### EXERCISE REQUIREMENTS
For every entry, reproduce the wording exactly and omit any image it holds.

--- MATERIAL FOR THE TASK Enclosed Below ---

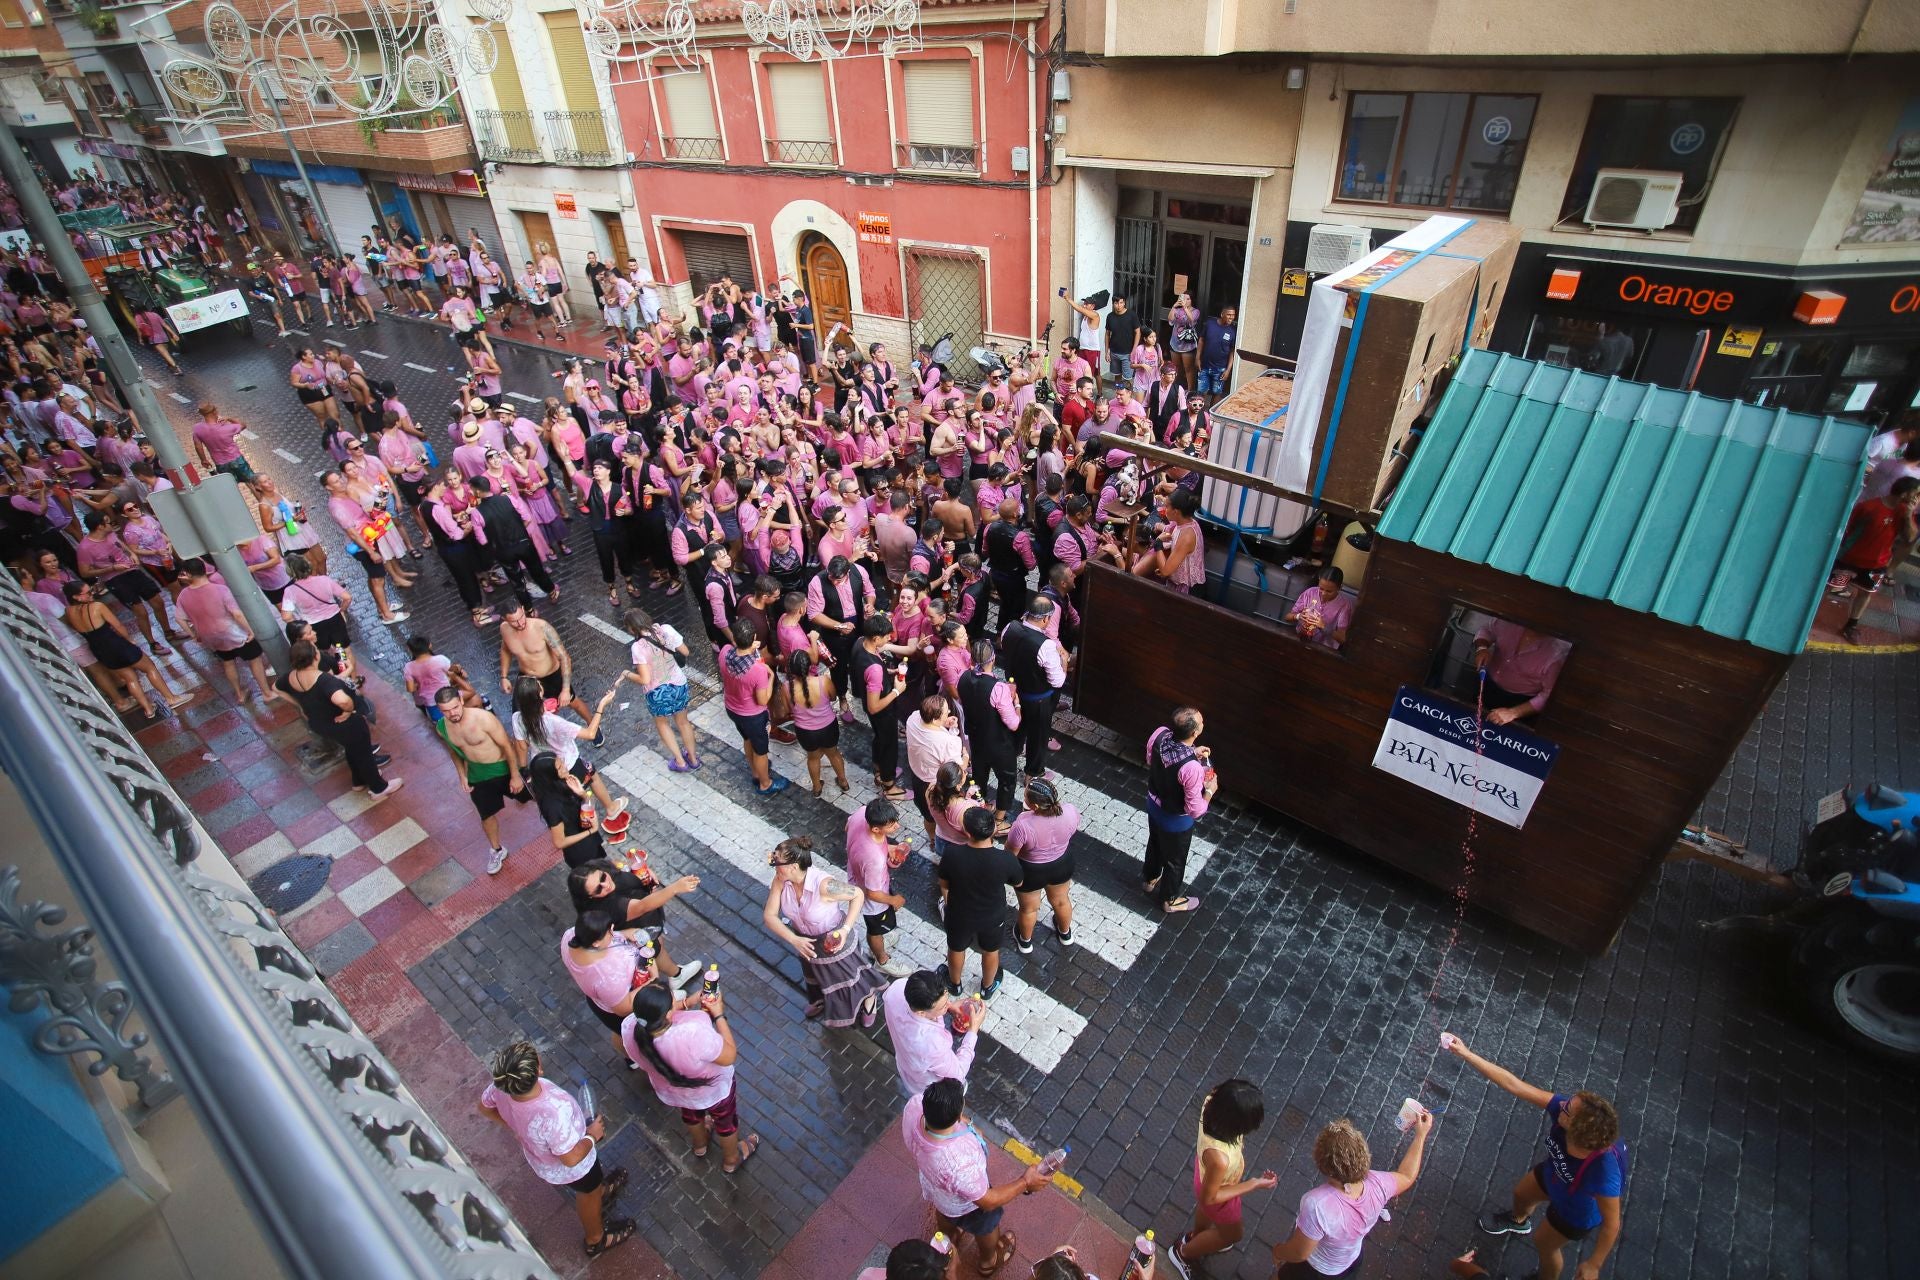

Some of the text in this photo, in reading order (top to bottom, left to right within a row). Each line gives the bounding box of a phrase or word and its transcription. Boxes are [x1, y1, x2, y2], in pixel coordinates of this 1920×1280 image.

[859, 211, 889, 223] Hypnos
[860, 224, 890, 234] VENDE
[1547, 291, 1570, 299] orange
[1619, 276, 1734, 315] Orange
[1811, 315, 1834, 324] orange
[1401, 697, 1550, 762] GARCIA CARRION
[1438, 727, 1463, 740] DESDE
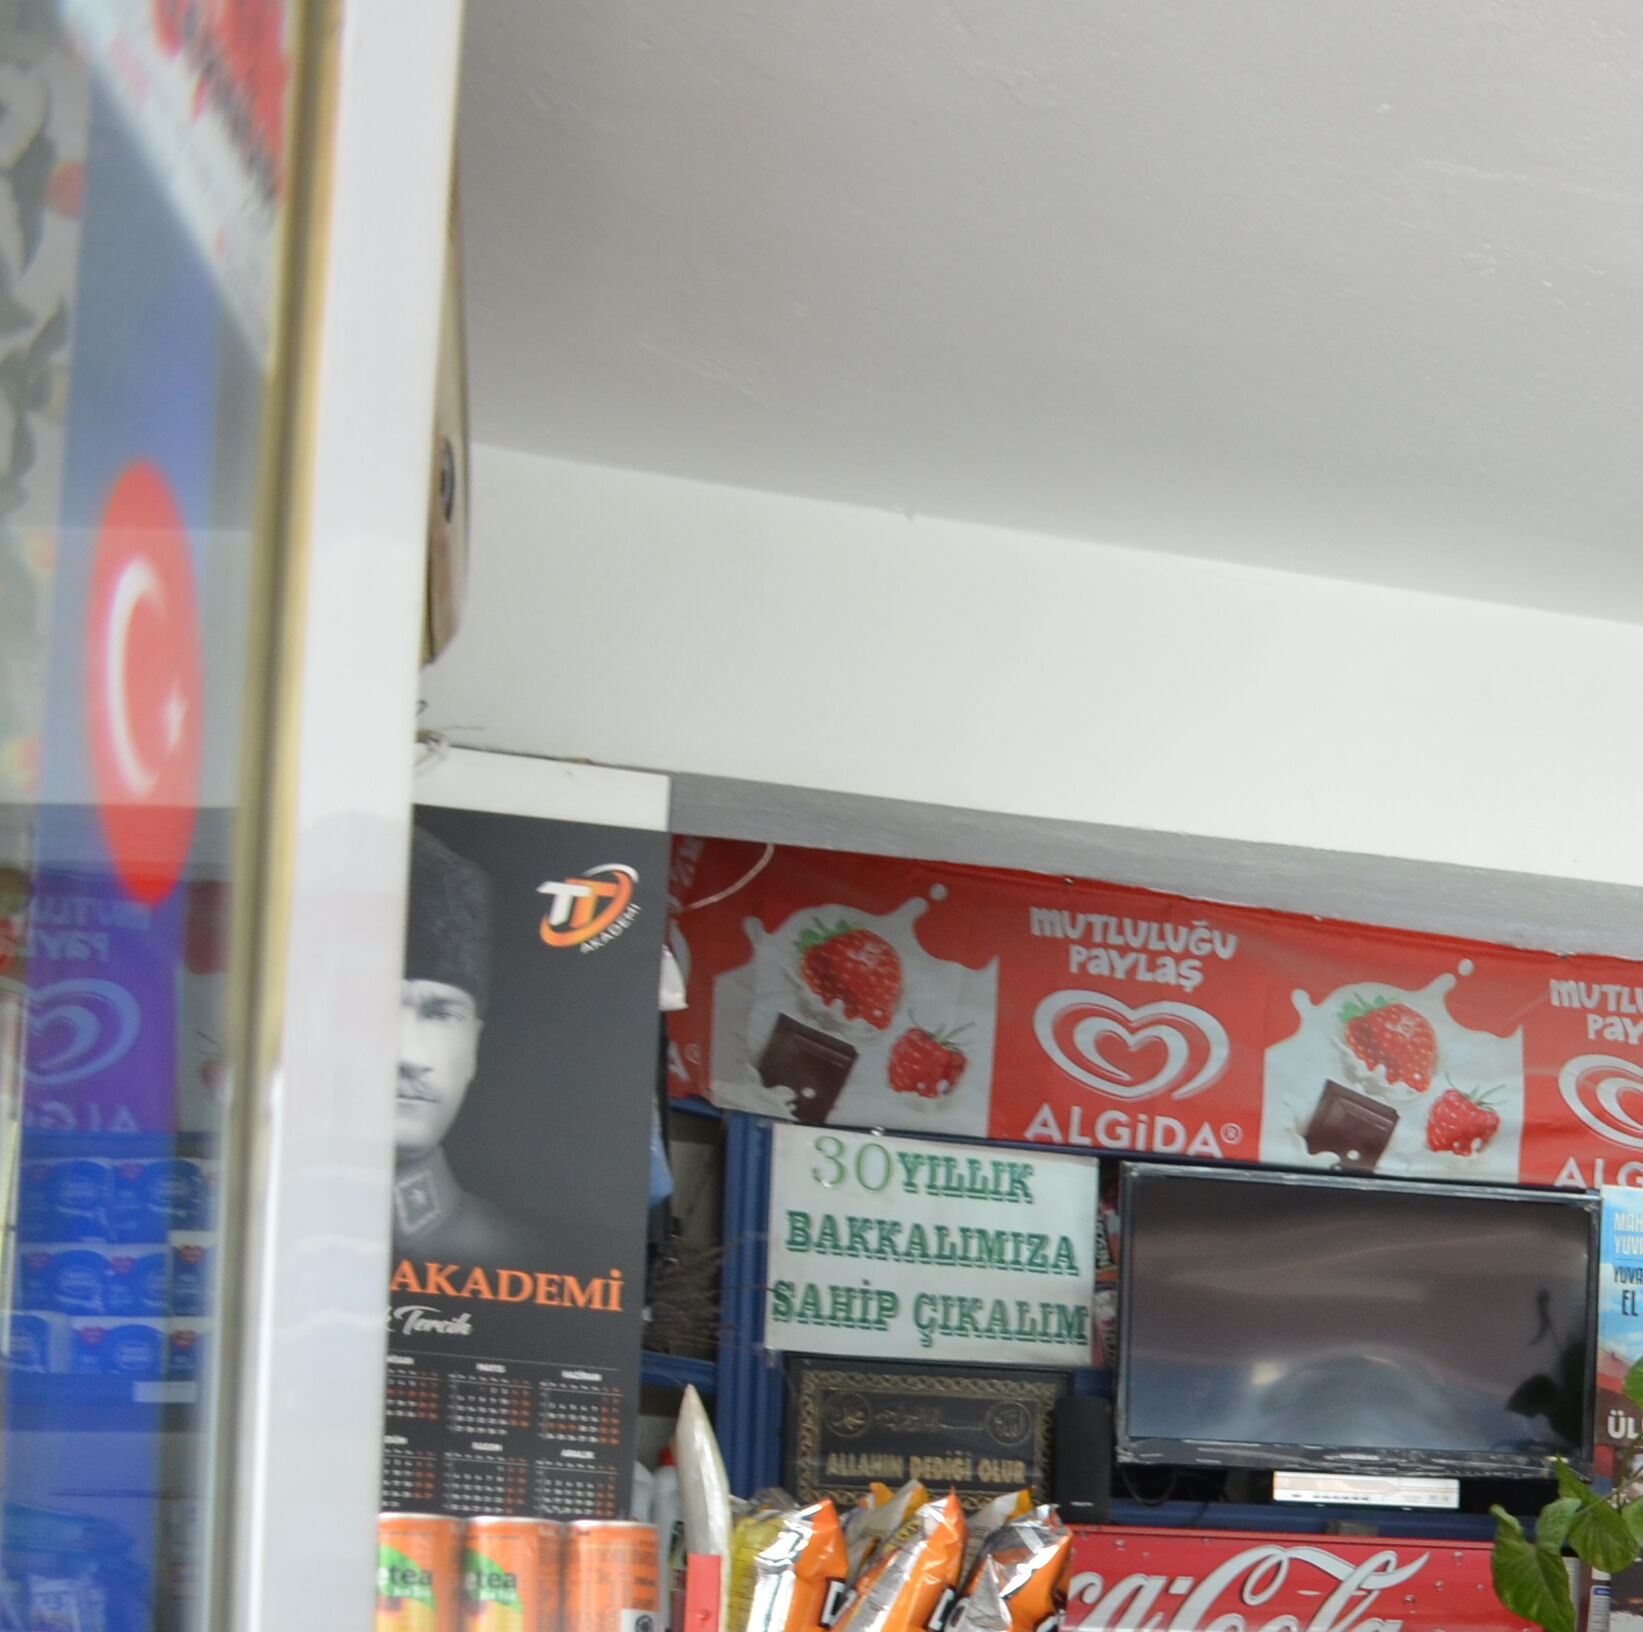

--- End of Enclosed MATERIAL FOR THE TASK ---

### RESPONSE BOX
Some of the text in this photo, in reading order (top to bottom, left to right within a row). Each line gives the bounding box of a phrase or word and its transcription. Boxes are [x1, y1, x2, y2], in pixel coordinates of this 1920×1280 image.

[859, 211, 889, 223] Hypnos
[860, 224, 890, 234] VENDE
[1547, 291, 1570, 299] orange
[1619, 276, 1734, 315] Orange
[1811, 315, 1834, 324] orange
[1401, 697, 1550, 762] GARCIA CARRION
[1438, 727, 1463, 740] DESDE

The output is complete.